Many share this idea of feeling “safe” with the Lib Dems when it comes to Brexit. Joe Kotroczo, a 41-year-old producer originally from Luxembourg who has lived in London since 2008, told me he “ended up voting Lib Dem” by postal vote, because “as an EU citizen, it seems unconscionable to vote Labour at this point in time”. Corinne Mokhefi-Ashton, 49, a Frenchwoman who has lived in Derby for 25 years, will vote for the Lib Dems too. In the past, she has alternated between Lib Dem (before 2010) and Labour (2010 to 2015). She told me she’s angry with her MP, Labour’s Chris Williamson, and with the party’s Brexit line: “They’ve supported the Tories in every vote.”

In recent decades, the left has championed immigration more than the right, but Labour’s lack of a clear Brexit line has led to a growing distrust of Labour among EU citizens, almost as widespread as that of the Tories. After the Windrush scandal and the Conservatives’ “hostile environment”, EU citizens now fear for their own situation in the UK, a few decades down the line. Guy Verhofstadt, the EU parliament’s Brexit co-ordinator, has asked for adequate safeguards to prevent EU citizens from becoming the “next Windrush”. “The Windrush saga has highlighted just how inhumane UK hostile immigration policy is”, Fritz Dittmann, 51, told me. He has been in the UK for 20 years and used to vote Conservative, but will now vote neither Labour nor Tory.

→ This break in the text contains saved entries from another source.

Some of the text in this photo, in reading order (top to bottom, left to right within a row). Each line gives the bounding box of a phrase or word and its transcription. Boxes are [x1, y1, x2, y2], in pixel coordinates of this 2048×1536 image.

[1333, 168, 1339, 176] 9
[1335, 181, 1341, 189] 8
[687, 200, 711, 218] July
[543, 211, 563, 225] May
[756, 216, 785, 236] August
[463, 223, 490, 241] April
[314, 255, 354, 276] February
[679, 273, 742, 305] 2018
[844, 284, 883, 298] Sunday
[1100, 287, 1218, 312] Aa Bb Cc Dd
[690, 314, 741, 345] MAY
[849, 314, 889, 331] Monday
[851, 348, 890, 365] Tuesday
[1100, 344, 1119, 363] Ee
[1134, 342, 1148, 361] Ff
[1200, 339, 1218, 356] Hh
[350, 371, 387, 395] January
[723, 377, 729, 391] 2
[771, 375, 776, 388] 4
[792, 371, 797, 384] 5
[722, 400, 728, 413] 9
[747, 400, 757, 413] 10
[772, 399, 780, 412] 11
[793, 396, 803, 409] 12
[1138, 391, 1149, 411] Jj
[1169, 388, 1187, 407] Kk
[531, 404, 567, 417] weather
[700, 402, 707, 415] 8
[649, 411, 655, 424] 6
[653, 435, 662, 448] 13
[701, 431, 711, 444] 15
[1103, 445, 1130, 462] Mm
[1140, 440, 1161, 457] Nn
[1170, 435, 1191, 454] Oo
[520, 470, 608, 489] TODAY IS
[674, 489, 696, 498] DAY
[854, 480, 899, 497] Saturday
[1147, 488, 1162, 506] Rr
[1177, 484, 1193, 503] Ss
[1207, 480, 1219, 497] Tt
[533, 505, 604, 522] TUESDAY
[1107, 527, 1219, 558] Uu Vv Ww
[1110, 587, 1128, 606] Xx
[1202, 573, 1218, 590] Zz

Labour’s stance on Brexit is painful for EU citizens because it could have been an easy win for them, both on immigration and on opposing the Conservative government. “I want Labour to stand up loudly for the benefits that immigration has brought to the UK”, Huizing said.

I would like that, too.

Like most EU citizens, this vote will probably be my last in the UK. On polling days, my local bakery hosts a “doughnut election”: it prepares special pastries with party logos and keeps count of how many it sells for each. In the past it has sold “Remain” and “Leave” cakes, pastries with the faces of Sadiq Khan and Zac Goldsmith, David Cameron and Ed Miliband. In the 2017 general election, I didn’t have a real vote, so I went to the bakery and “voted” by buying 15 Labour doughnuts

On Thursday, Labour still may get my “doughnut vote”. But after all of this – 676 days, but no real support or clear line on the issue that matters most to me and millions of Europeans in the UK – it will not get my real one.